[
International Worm Meeting,
2015]
The mitochondrial genome (mtDNA) is present in many copies within each cell and follows a maternal pattern of inheritance. mtDNA experiences a high mutation rate which leads to heteroplasmy, in which a mixed population of both wildtype and altered mtDNA exist within the same cell. While each mtDNA can act as a "selfish DNA" element, purifying selection is used to eliminate from the germline mtDNAs that are defective and debilitate mitochondrial function. We are investigating the mechanisms used in purifying selection in the germline. One level at which purifying selection might act is during the early embryonic divisions that establish the germline (P lineage).

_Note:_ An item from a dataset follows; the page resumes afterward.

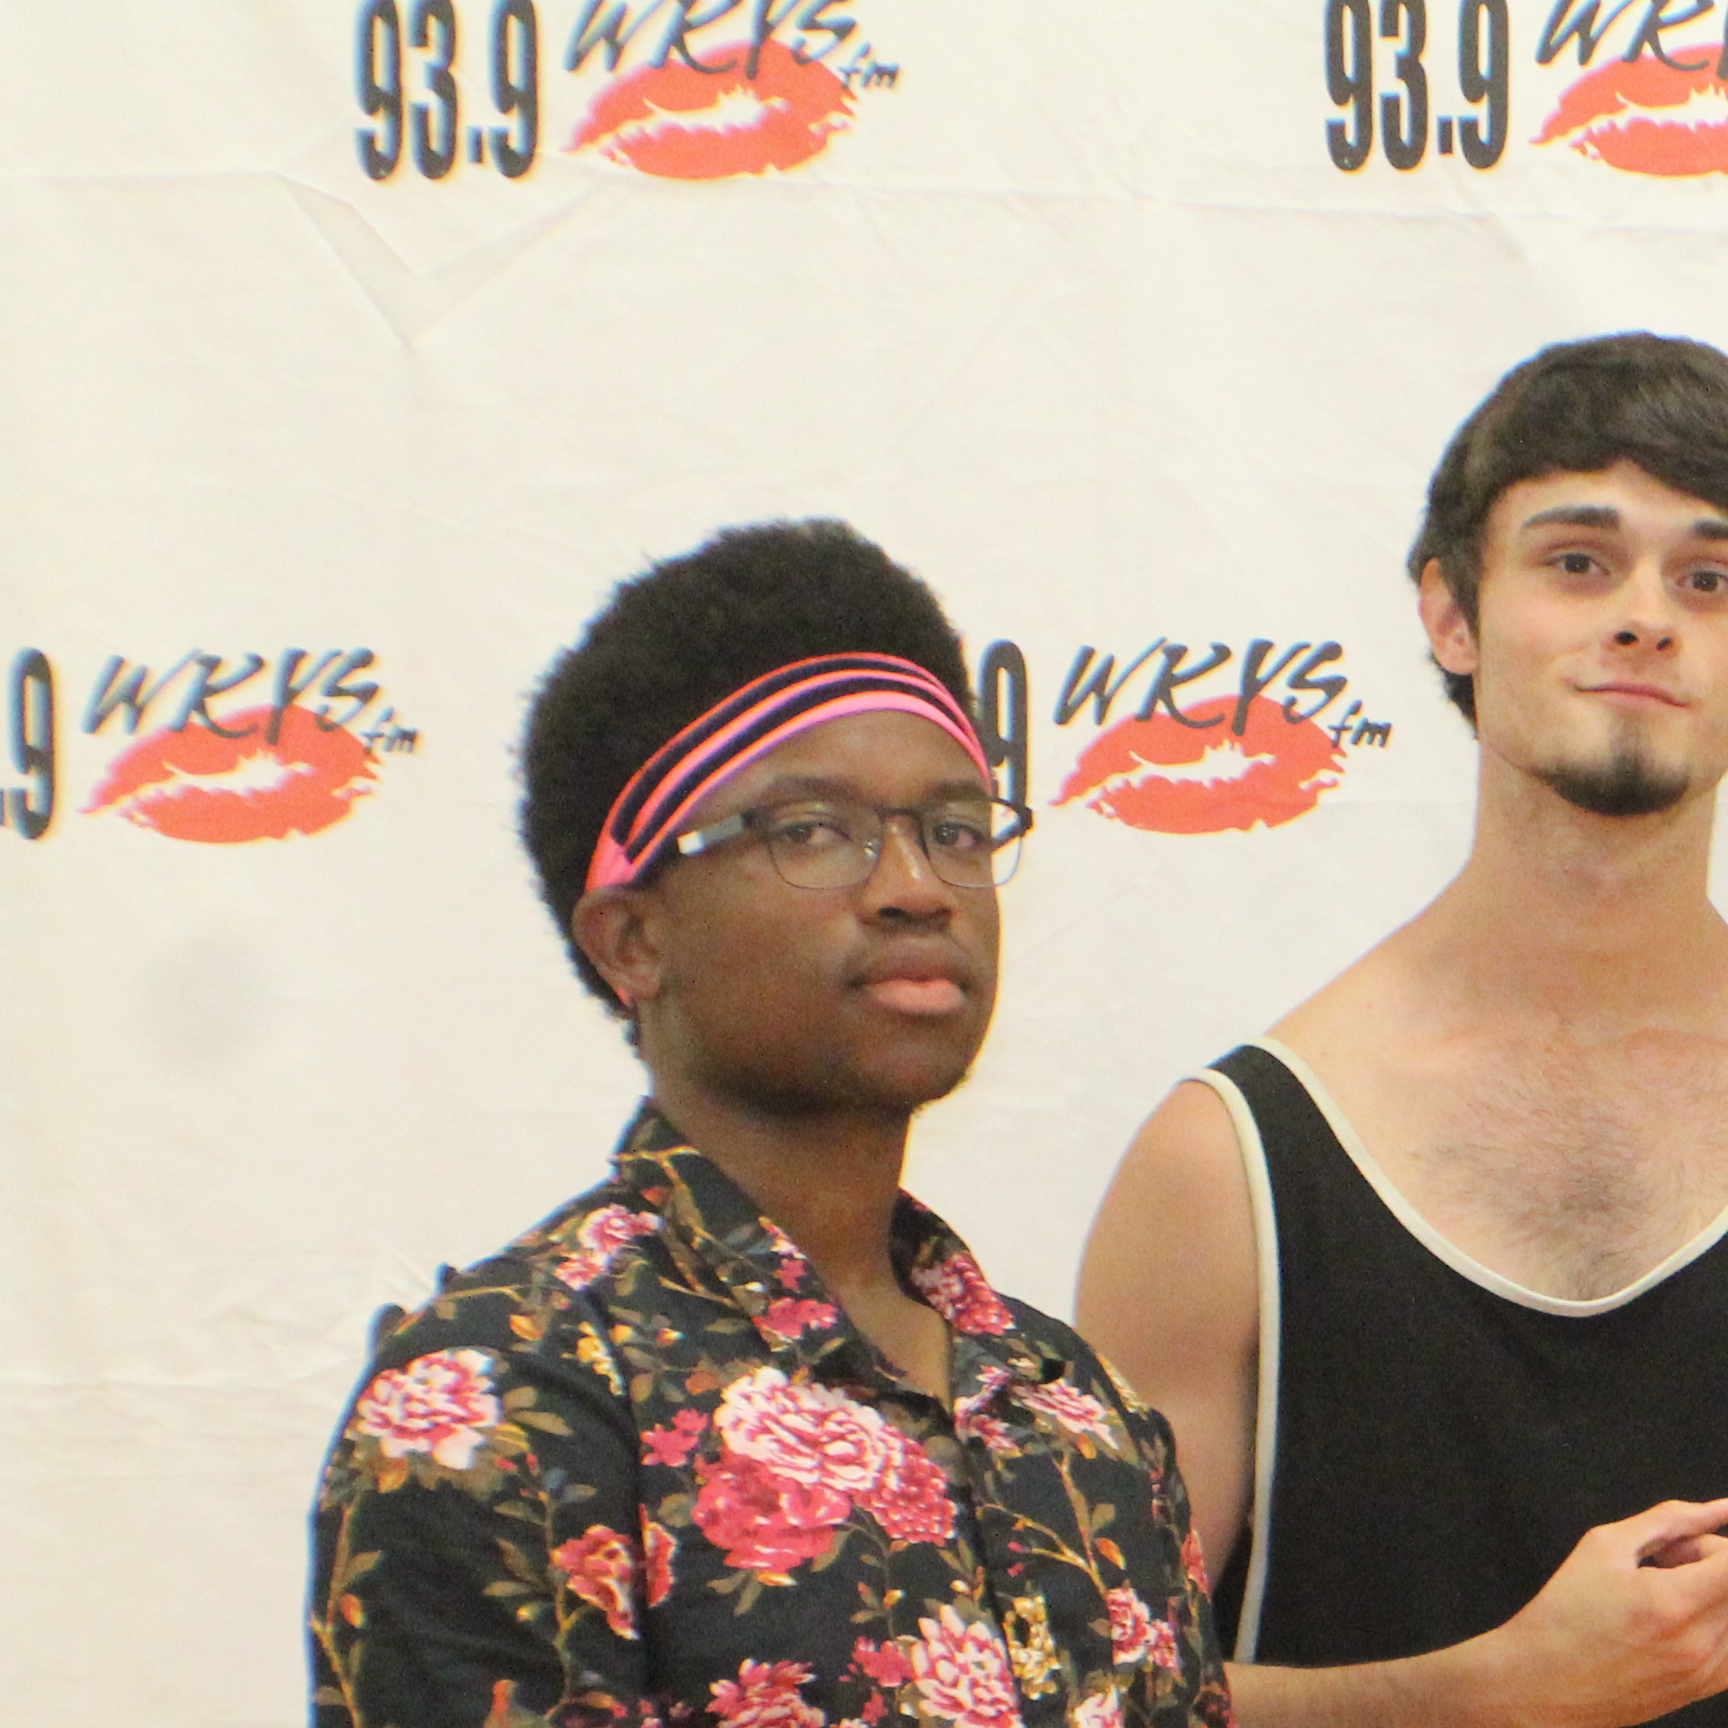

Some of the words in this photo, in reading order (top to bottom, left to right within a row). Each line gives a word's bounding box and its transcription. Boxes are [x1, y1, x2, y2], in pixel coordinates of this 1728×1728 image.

We have obtained preliminary evidence that the most active mitochondria (those with the highest membrane potential) are enriched in the germline lineage during the early embryonic cell divisions. Following this early phase, we found that germline mitochondria are then fully quiescent (no detectable membrane potential) until after the initiation of larval development. We have taken advantage of a 3 kb mtDNA deletion, uaDf5 [Tsang et al 2002], to investigate further the mechanisms that remove defective mtDNAs. This deletion exhibits stable heteroplasmy, raising the suggestion that it is maintained as a result of complementing mutations on the non-deleted mtDNAs in the strain [Tsang et al 2002]. However, we found that the uaDf5-bearing strain appears to contain fully intact, wild-type mtDNA, suggesting that the deletion may be maintained as a result of replicative advantage. Further, we found that the uaDf5 strain gives rise to arresting embryos with many cell corpses, reminiscent of cells that have undergone programmed cell death. Lines that generate arresting embryos at highest frequency also show extended lifespan in the survivors, consistent with a trade-off between mitochondrial function required for survival and lifespan extension. Finally, we have obtained preliminary results suggesting that physiological state of worms influences the rate of removal of mtDNAs encoding defective proteins. We are investigating the trans-generational dynamics of this apparent purifying selection.